Massenklage gegen Schnüffelgesetz angekündigt. Datenschützer und Gewerkschaften warnen vor Mißbrauch. Nun auch Widerstand bei FDP gegen Ausspähen aller Beschäftigten

Überraschend haben in den vergangenen Tagen führende FDP-Politiker Widerstand gegen die Arbeitnehmer-Datensammlung »Elena« (elektronischer Entgeltnachweis) angekündigt. Das Schnüffelgesetz stammt aus der SPD/Grünen Regierungszeit. Unter dem Vorwand der Entbürokratisierung melden seit Beginn des Jahres alle Firmen die Einkommensdaten ihrer Beschäftigten elektronisch an eine zentrale Speicherstelle bei der Deutschen Rentenversicherung. Zu der Erfassung gehören Hinweise auf Fehl- und Krankheitstage, die Höhe des Gehalts sowie auf Fälle von »Fehlverhalten«.
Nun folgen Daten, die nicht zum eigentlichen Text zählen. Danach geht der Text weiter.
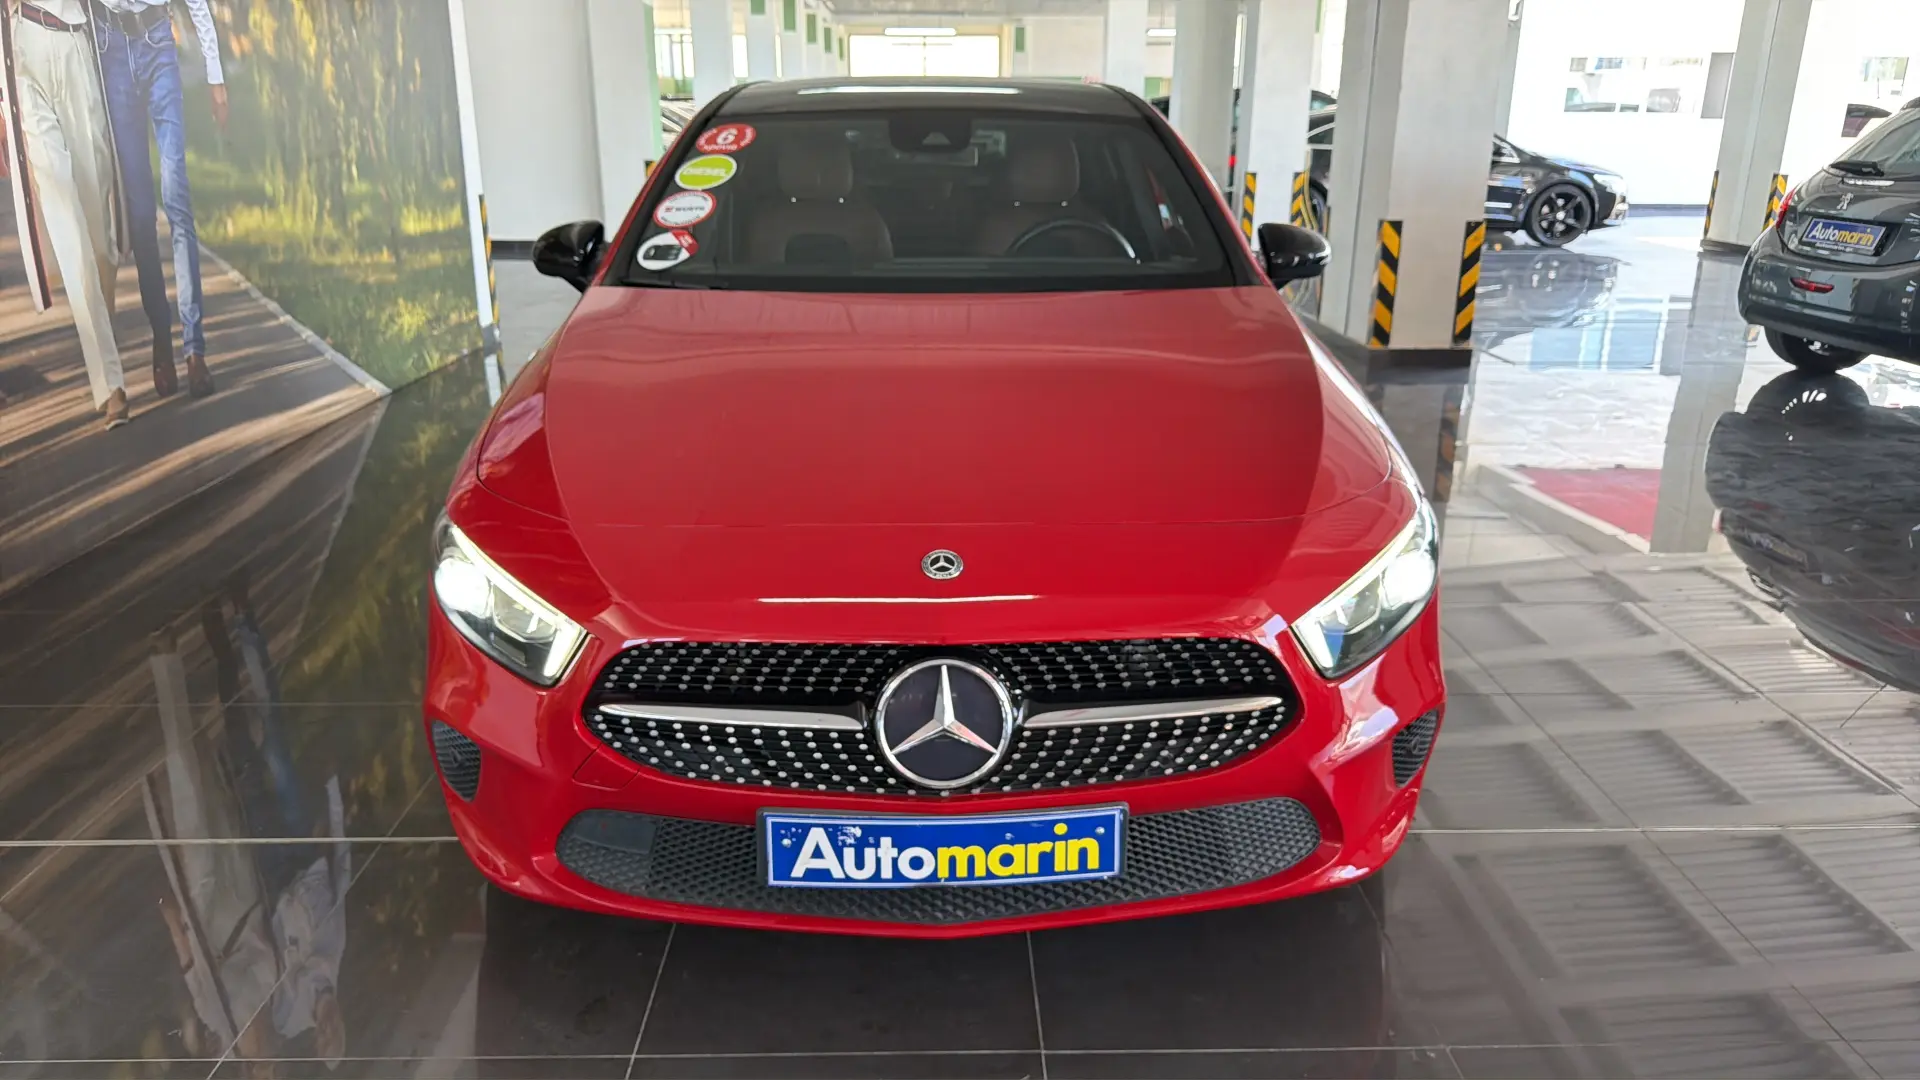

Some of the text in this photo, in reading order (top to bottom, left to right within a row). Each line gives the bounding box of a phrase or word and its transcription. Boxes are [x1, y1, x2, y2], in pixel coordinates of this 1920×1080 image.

Ende 2009 wurde Gewerkschaften und Datenschützer das Ausmaß der Überwachung deutlich. Ver.di-Chef Frank Bsirske kündigte eine Verfassungsklage in Karlsruhe an. Inzwischen wird eine Massen-Verfassungsbeschwerde vorbereitet, die ähnlich wie die bisher größte Verfassungsklage gegen die Vorratsdatenspeicherung von Tausenden Bürgerinnen und Bürgern unterzeichnet werden soll. »Dieser gewaltige Datenpool muß rasch einer Überprüfung unterzogen werden«, begründete Rechtsanwalt Rolf Gössner den Schritt am Donnerstag im Gespräch mit junge Welt. Die Klagen sollten am 31. März beim Bundesverfassungsgericht eingereicht werden. Jeder Betroffene könne mitmachen, so Gössner. Der Anwalt ist zuversichtlich: »Schon drei Tage nach dem ersten Aufruf beteiligten sich über 15000 Menschen an der Aktion.« Auch Berlins Datenschutzbeauftragter Alexander Dix kritisiert die Erfassung der Daten von bis zu 40 Millionen Beschäftigten. Ob die Erhebung durch die Massenklage vollständig verhindert werden kann, ist für ihn allerdings fraglich. Denkbar sei aber ein Teilerfolg, sagte Dix am Mittwoch in Berlin. Das Bundesverfassungsgericht könnte etwa die regelmäßige Optimierung des Schutzes gegen Mißbrauch fordern. Das könnte »Elena« so teuer machen, daß auch politische Akzeptanz nicht mehr durchsetzbar sei, so der Datenschützer.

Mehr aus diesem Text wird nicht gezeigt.